Liam Sheedy (born 24 October 1969) is a former Irish hurler who was manager of the Tipperary senior hurling team on two occasions.

Born in Portroe, County Tipperary, Sheedy enjoyed All-Ireland success as a schoolboy hurler before enjoying championship success at club level with Portroe. After beginning his inter-county career with the Tipperary minor team, he later enjoyed All-Ireland successes with the Tipperary under-21 and junior teams. Sheedy made his senior debut during the 1989-90 league. He became a regular member of the starting fifteen in 1997. During his brief senior career he won a National Hurling League medal in 1999.

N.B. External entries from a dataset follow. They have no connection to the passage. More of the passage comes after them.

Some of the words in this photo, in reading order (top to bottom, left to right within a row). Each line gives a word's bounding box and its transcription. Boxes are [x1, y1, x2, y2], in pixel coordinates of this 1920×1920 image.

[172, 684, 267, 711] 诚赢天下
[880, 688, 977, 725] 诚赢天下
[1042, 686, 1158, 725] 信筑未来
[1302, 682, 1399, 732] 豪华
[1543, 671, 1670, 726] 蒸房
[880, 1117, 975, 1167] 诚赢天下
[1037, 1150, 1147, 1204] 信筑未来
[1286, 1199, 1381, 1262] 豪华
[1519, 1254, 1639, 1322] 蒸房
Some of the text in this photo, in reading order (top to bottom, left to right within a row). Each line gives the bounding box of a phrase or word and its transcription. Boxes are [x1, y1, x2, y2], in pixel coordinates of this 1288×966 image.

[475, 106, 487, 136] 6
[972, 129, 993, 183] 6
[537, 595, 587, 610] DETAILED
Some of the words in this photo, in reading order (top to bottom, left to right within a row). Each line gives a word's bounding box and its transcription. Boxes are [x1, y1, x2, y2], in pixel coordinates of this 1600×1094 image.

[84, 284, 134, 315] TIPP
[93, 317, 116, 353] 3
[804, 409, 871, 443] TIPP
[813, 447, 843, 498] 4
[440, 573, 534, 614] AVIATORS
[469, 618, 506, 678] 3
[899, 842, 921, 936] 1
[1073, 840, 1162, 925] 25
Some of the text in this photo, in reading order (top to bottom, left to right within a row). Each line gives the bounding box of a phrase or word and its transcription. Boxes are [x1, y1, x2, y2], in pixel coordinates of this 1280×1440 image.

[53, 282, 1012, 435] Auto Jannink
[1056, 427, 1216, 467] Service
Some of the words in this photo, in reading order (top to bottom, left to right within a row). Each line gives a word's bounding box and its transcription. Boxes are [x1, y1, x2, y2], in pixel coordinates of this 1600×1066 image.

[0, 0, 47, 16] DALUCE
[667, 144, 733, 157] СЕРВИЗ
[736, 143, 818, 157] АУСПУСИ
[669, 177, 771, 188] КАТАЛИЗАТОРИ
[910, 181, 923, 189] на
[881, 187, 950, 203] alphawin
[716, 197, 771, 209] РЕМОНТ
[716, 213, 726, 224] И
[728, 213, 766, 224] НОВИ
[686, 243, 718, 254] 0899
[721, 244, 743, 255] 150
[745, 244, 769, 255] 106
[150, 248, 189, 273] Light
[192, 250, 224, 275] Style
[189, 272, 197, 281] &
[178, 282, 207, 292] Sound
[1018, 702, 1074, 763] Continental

Sheedy began his managerial career with the Tipperary intermediate team in 2002 and, after some success, guided the Tipperary minor team to the All-Ireland title in 2006. Having briefly served as a selector with the Tipperary senior team, he eventually took over as manager and secured the All-Ireland title in 2010. His other inter-county activity saw him act as an adviser to the Antrim and Offaly senior hurling teams. Sheedy also enjoyed successful tenures as manager, coach, selector and adviser with club sides Portroe, Newmarket-on-Fergus and Drom-Inch, while he secured an Interprovincial Championship as manager of Munster.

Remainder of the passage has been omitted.